Acacia alaticaulis is a species of flowering plant in the family Fabaceae. It is endemic to a restricted area of New South Wales in Australia. It is a spindly, slender shrub to small tree with wavy, winged ridges on the branchlets, bipinnate leaves with 7 to 17 pairs of pinnae, flowers arranged in a racemes with 8 to 41 spherical heads of flowers, each with 12 to 16 pale yellow or pale cream-coloured flowers, and curved, more or less flat pods up to 40–120 mm long.

==Description==
Acacia alaticaulis is a spindly, slender shrub to small tree that typically grows to a height of up to 4 m and has wavy, ridged branchlets, the ridges up to 3 mm wide. The leaves are winged with a rachis 150–850 mm, the petiole up to 5 mm long.

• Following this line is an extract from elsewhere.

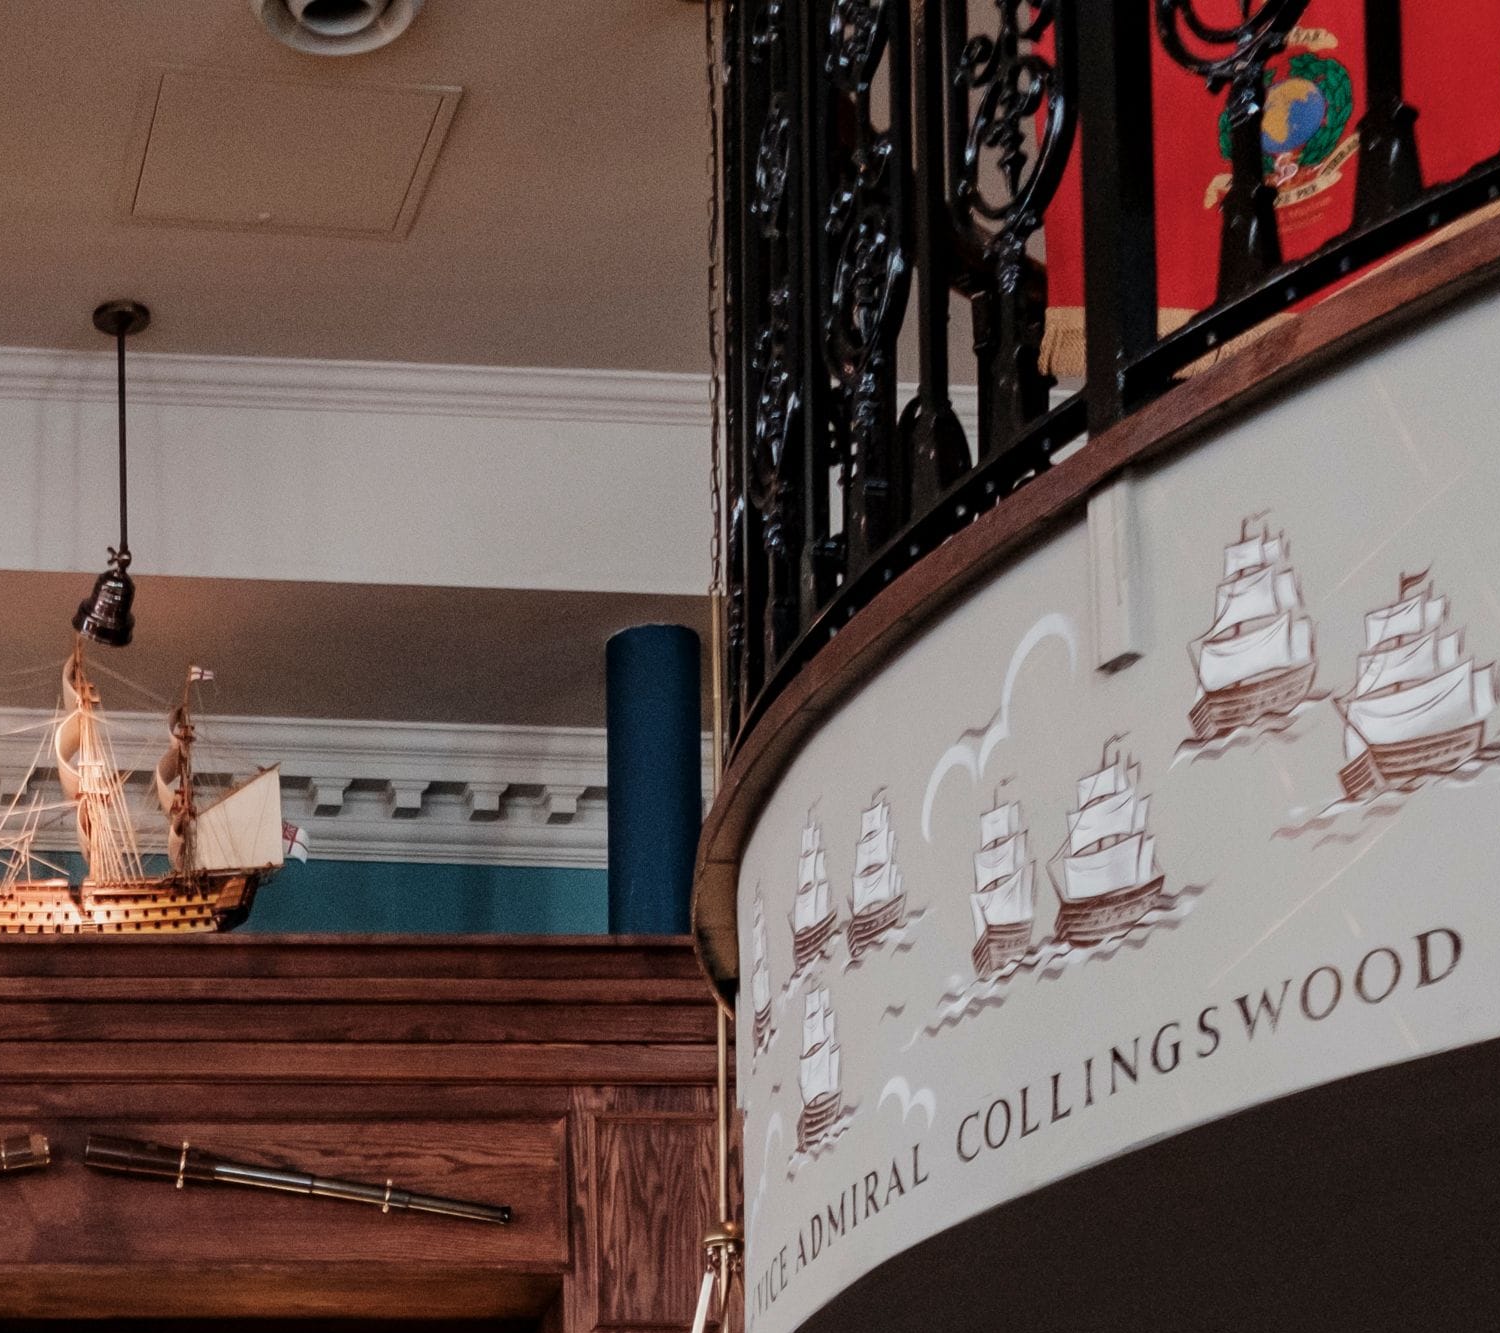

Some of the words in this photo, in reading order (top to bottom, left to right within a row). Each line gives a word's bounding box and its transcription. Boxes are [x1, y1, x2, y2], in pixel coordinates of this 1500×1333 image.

[755, 1244, 790, 1316] VICE
[794, 1141, 930, 1273] ADMIRAL
[954, 926, 1466, 1164] COLLINGSWOOD

The leaves are bipinnate, with up to 10 pairs of pinnae 12–60 mm long, each with 7 to 17 pairs of oblong to narrowly oblong pinnules 2.5–22 mm long and 0.9–3.6 mm wide. The flowers are arranged in a raceme up to 335 mm long with 8 to 41 spherical heads of flowers. Each head is more or less spherical, 7–11 mm in diameter on a peduncle 5–17 mm long with 6 to 16 pale yellow to cream-coloured. Flowering occurs from December to May. The pod is flat, usually curved, 40–120 mm long and 11–13 mm wide.

==Taxonomy==
Acacia alaticaulis was first formally described in 2013 by Phillip Gerhard Kodela and Mary Tindale in the journal Telopea. The specific epithet (alaticaulis) means "winged stem".

==Distribution==
This species of wattle is endemic to an area in eastern New South Wales where it has a restricted range around Howes Mountain and Mount Murwin areas and Yengo National Park area where it is commonly situated on hillslopes and ridges among and over sandstone bedrock or outcrops, or where areas of shale meet sandstones. It is found growing in sandy to sandy clay soils as a part of Eucalyptus woodlands or open forest communities as a part of the shrub understorey.